The original score for the Egyptian prehistoric epic isn't simply a film soundtrack. It's an attempt to compose what no one has ever heard.


As global film and music industries continue to converge, few projects are attempting to redefine both disciplines simultaneously. Kemet: Year One — an Egyptian Arabic-language prehistoric epic set in 9186 BC — emerges not only as a landmark cinematic production, but as a case study in how original film soundtracks can expand narrative, cultural identity, and sonic innovation at scale.


At the center of that effort is the film's Original Motion Picture Soundtrack (OST), composed by Marwan Haroun and produced by Mo Ismail — a collaboration rooted in more than four decades of combined musical experience, spanning classical training, modern composition, percussion, and large-scale production.


What they've created is not a traditional score. It is a reconstruction of sound before recorded music existed.


Reframing Film Music: From Composition to World-Building


Film scores typically begin with reference points — temporary tracks, genre expectations, or established orchestral language. Kemet: Year One deliberately rejected that process.


"There's no musical archive for 9186 BC," says Ismail. "So the only honest approach was to remove the safety net entirely and build from instinct — what humans would have heard, felt, and expressed before music was structured."

That philosophy reshaped the entire production process of the soundtrack. Instead of composing around the film, the music was developed as a parallel narrative system — one that informs tone, pace, and emotional weight as much as the visuals themselves.

This positions the Kemet OST within a growing global trend where film music is no longer secondary, but structurally integral to storytelling — yet its execution remains distinctly original.


‘KEMET: YEAR ONE’ Soundtrack: Inside the Original Score Reimagining Prehistoric Egypt Through Music

Marwan Haroun: Crafting a Sonic Language Without Precedent


With over 20 years of experience, Marwan Haroun brings a rare combination of classical discipline and regional fluency.

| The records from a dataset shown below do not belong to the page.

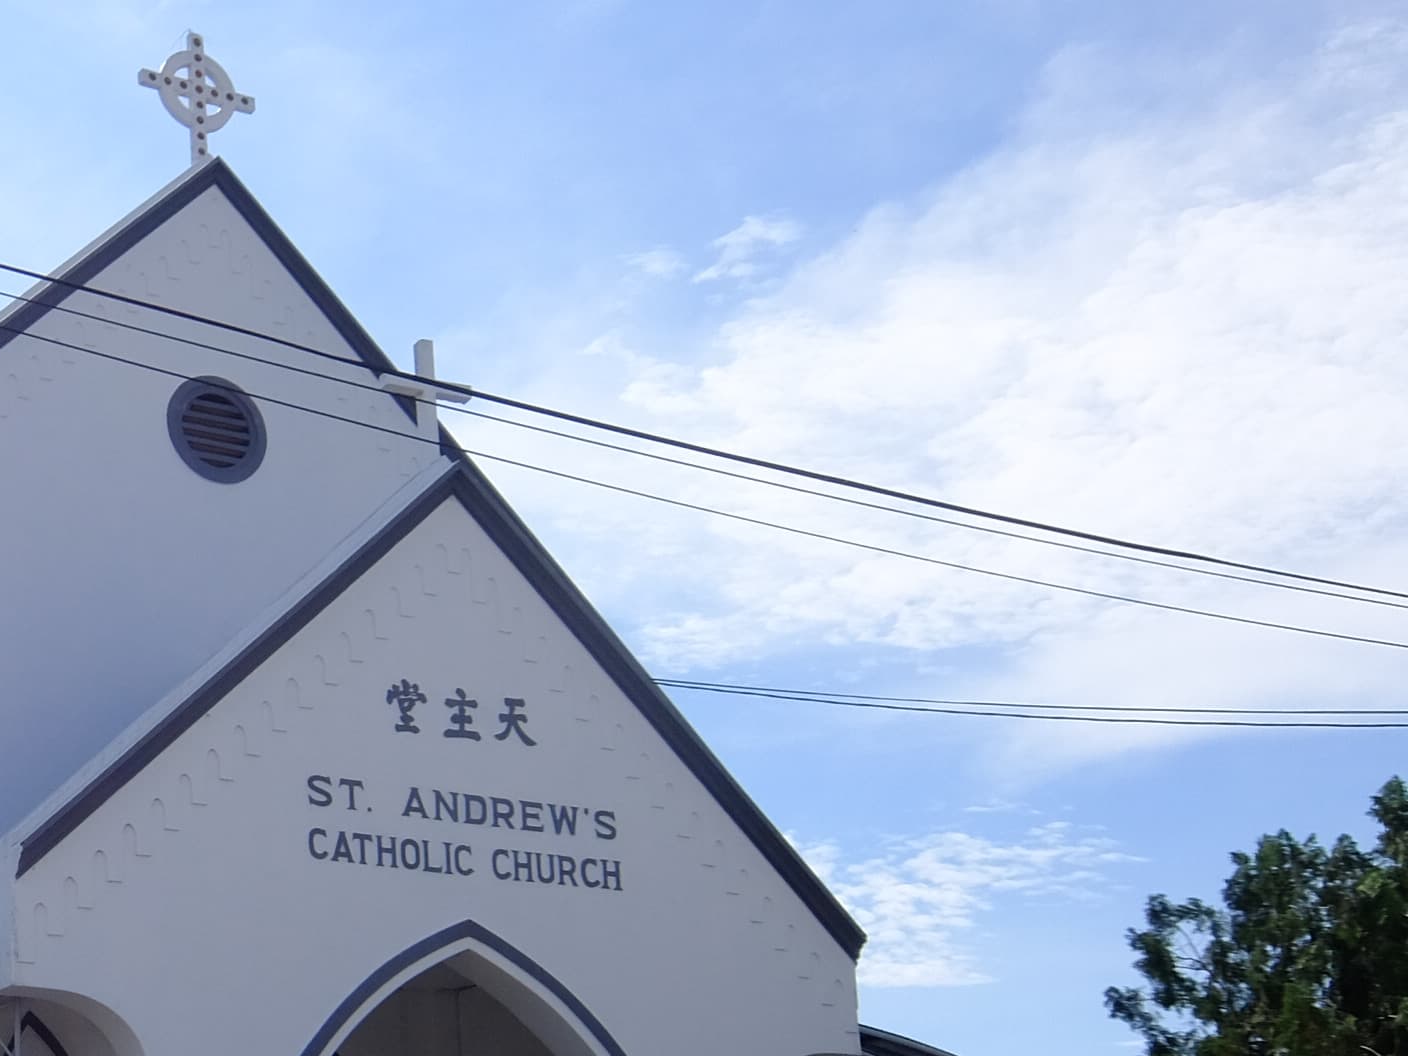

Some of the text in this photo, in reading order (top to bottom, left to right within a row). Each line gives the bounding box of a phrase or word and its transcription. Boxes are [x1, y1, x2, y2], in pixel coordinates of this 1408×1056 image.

[306, 774, 618, 840] ST. ANDREW'S
[308, 827, 624, 892] CATHOLIC CHURCH
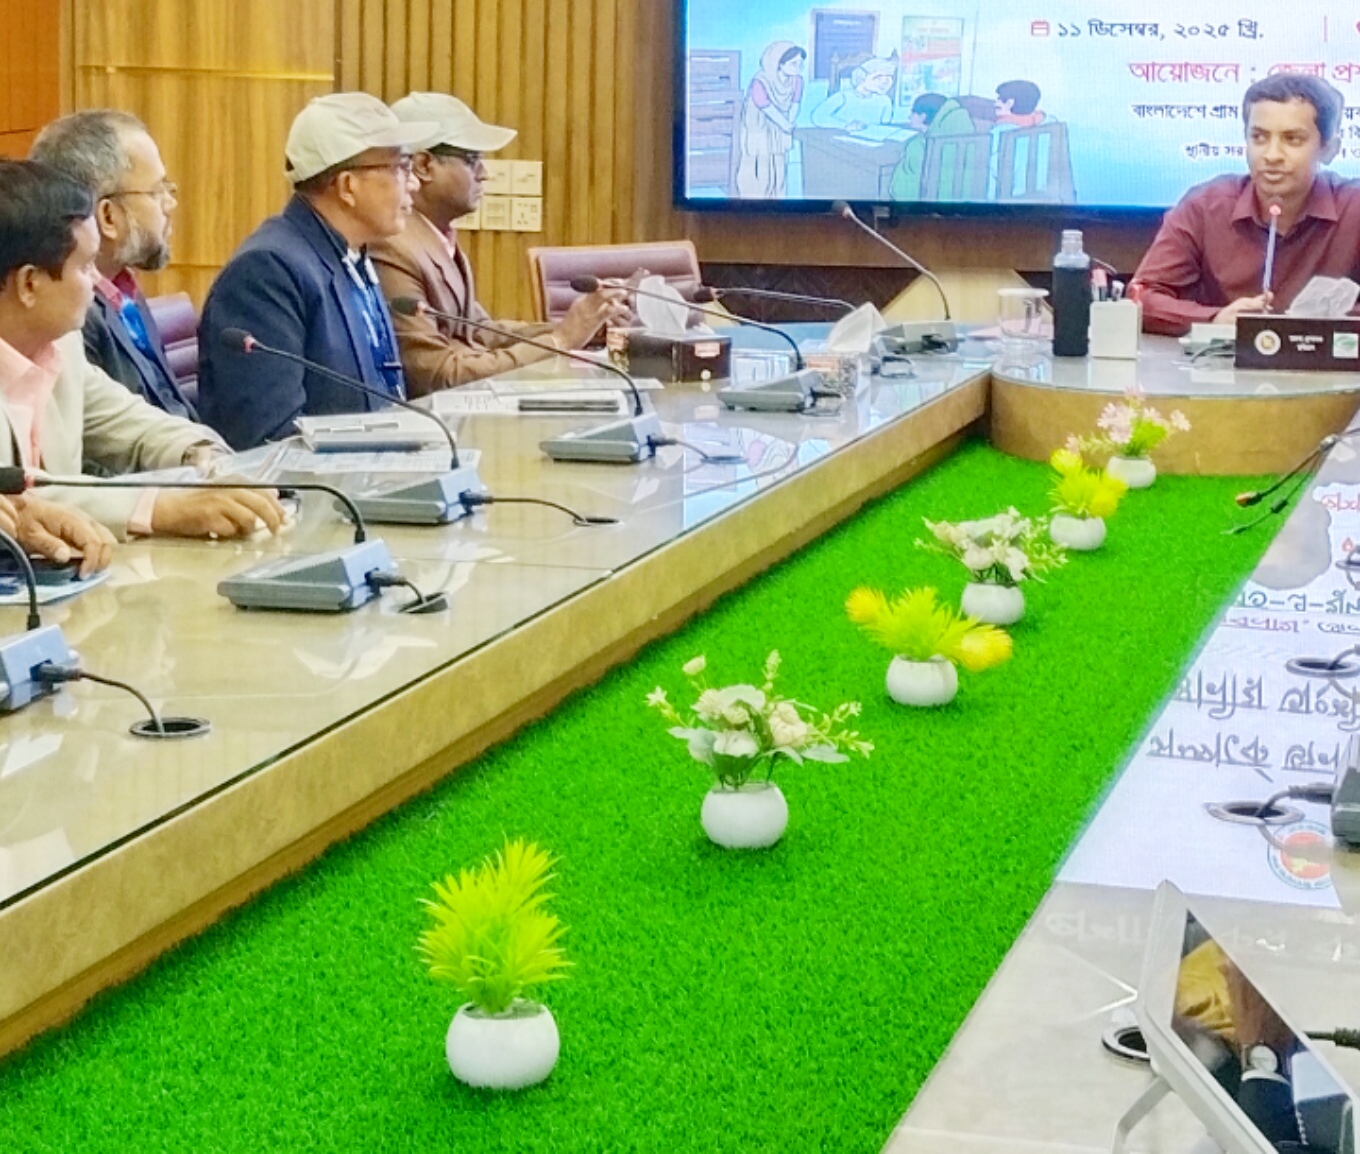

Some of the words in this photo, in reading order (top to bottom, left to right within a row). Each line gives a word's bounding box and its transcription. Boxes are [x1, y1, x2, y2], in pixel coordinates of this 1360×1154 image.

[1058, 22, 1082, 37] ১১
[1088, 18, 1165, 41] ডিসেম্বর,
[1174, 22, 1231, 38] ২০২৫
[1128, 61, 1240, 84] আয়োজনে
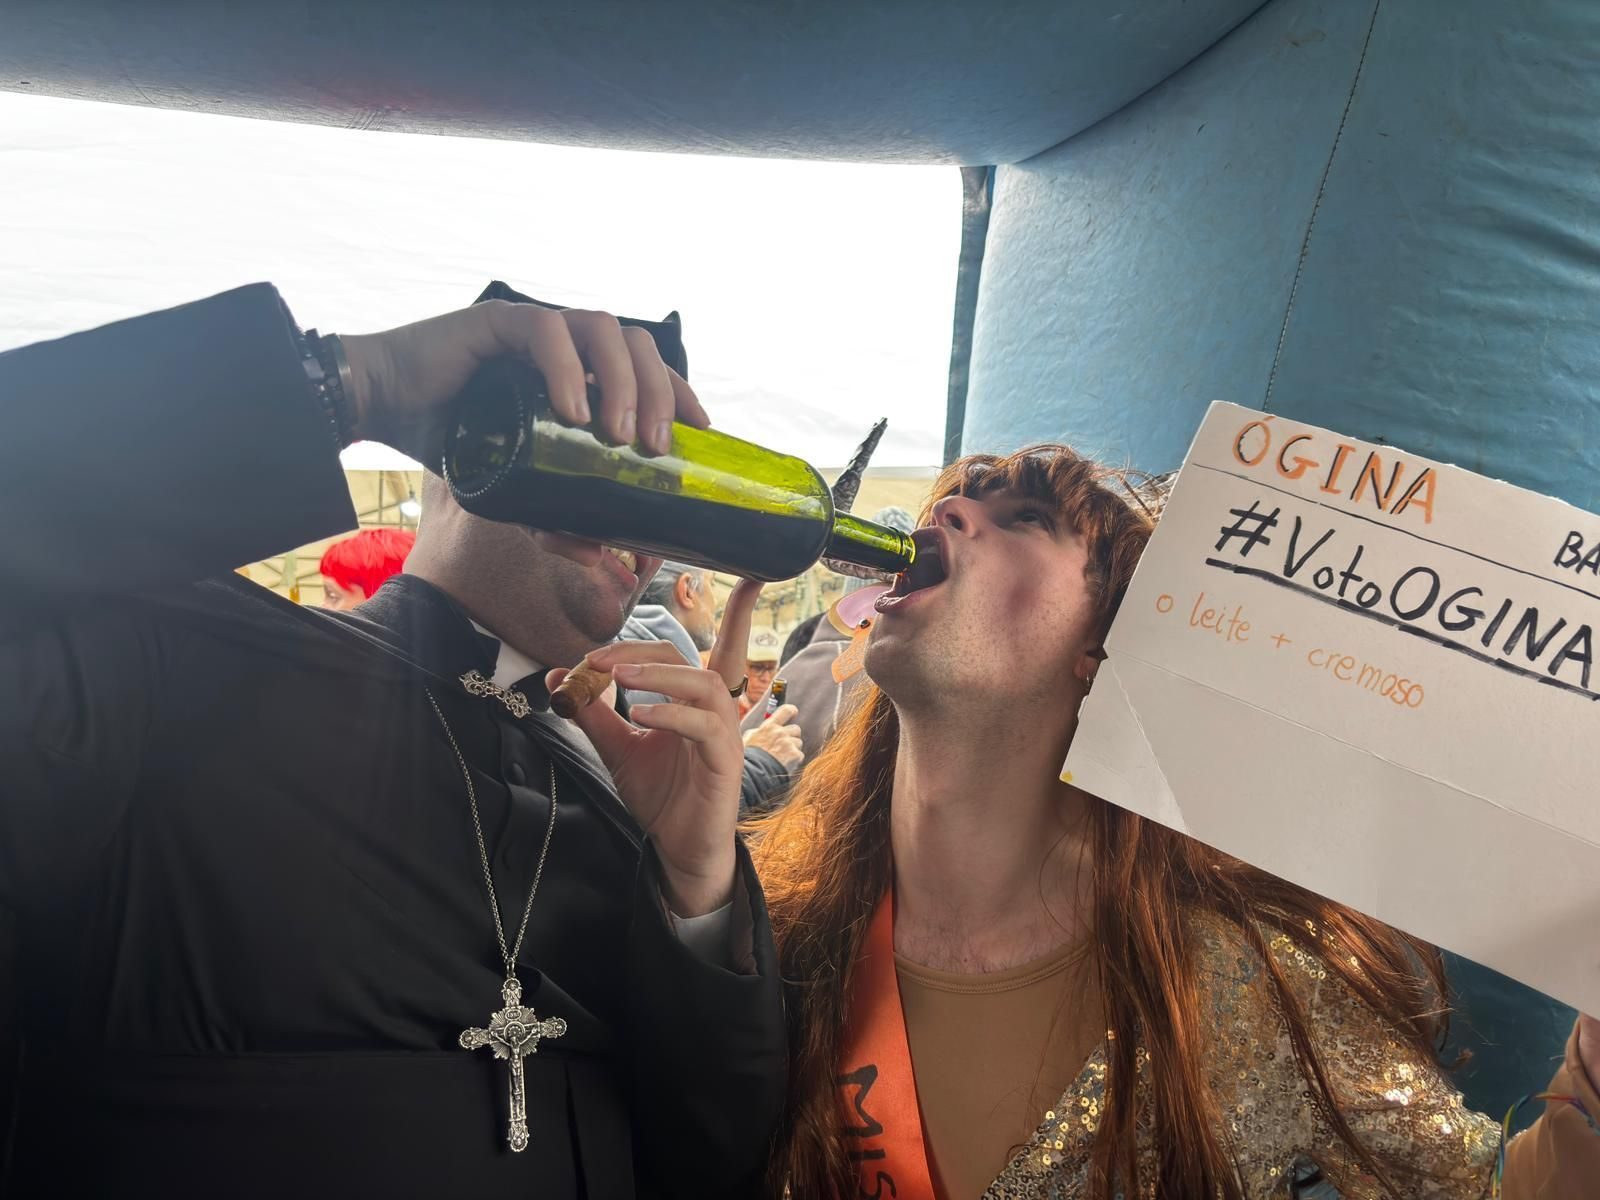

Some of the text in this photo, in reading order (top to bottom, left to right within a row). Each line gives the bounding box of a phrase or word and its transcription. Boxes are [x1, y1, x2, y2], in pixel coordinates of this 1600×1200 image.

His background in orchestration and Arabic musical theory — particularly acoustic & maqam systems — allowed him to approach the score from both a technical and cultural perspective.

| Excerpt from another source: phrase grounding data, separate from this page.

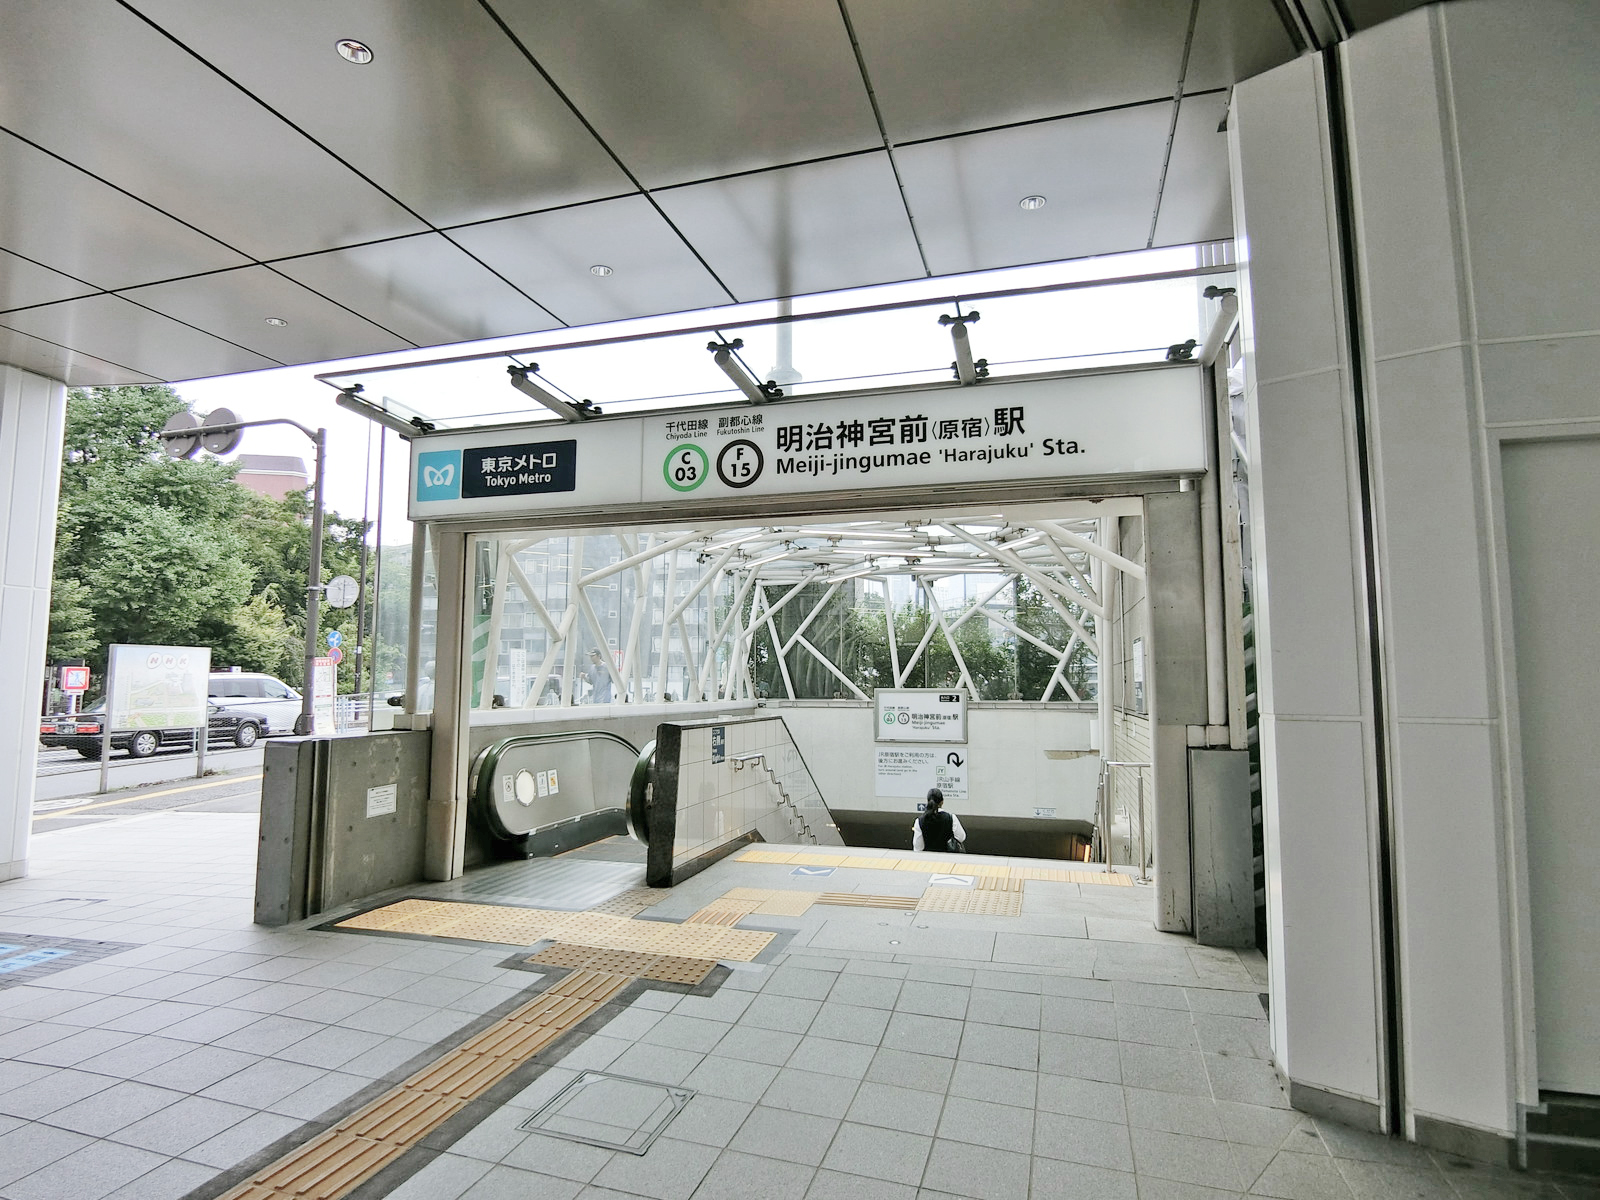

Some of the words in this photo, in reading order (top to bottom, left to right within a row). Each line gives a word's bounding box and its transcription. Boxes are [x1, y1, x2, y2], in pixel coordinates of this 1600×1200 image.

[665, 418, 709, 432] 千代田線
[718, 414, 763, 429] 副都心線
[666, 431, 692, 441] Chiyoda
[693, 430, 708, 438] Line
[716, 427, 750, 436] Fukutoshin
[751, 425, 765, 433] Line
[681, 451, 691, 465] C
[736, 447, 744, 461] F
[776, 448, 931, 476] Meiji-jingumae
[938, 443, 1034, 464] 'Harajuku'
[1042, 438, 1086, 456] Sta.
[480, 452, 557, 474] 東京メトロ
[731, 462, 751, 477] 15
[485, 474, 516, 488] Tokyo
[518, 472, 551, 485] Metro
[674, 466, 697, 481] 03

However, Kemet required something beyond composition.

"It wasn't about writing themes in the traditional sense," Haroun explains. "It was about asking — if melody didn't exist as we know it, what takes its place? Rhythm? Breath? Silence? That's where the real work began."

Haroun's approach deconstructs familiar musical elements:


  • Melody is fragmented, often emerging briefly before dissolving

  • Harmony is restrained, used to support atmosphere rather than dictate emotion

  • Rhythm becomes primary, functioning as both narrative driver and cultural expression


The result is a score that feels organic rather than composed — a sound that evolves as the environment does, rather than following predetermined musical arcs.


Mo Ismail: Producing Rhythm as Identity


For Mo Ismail, producing the Kemet soundtrack was not an extension of filmmaking — it was a return to foundation.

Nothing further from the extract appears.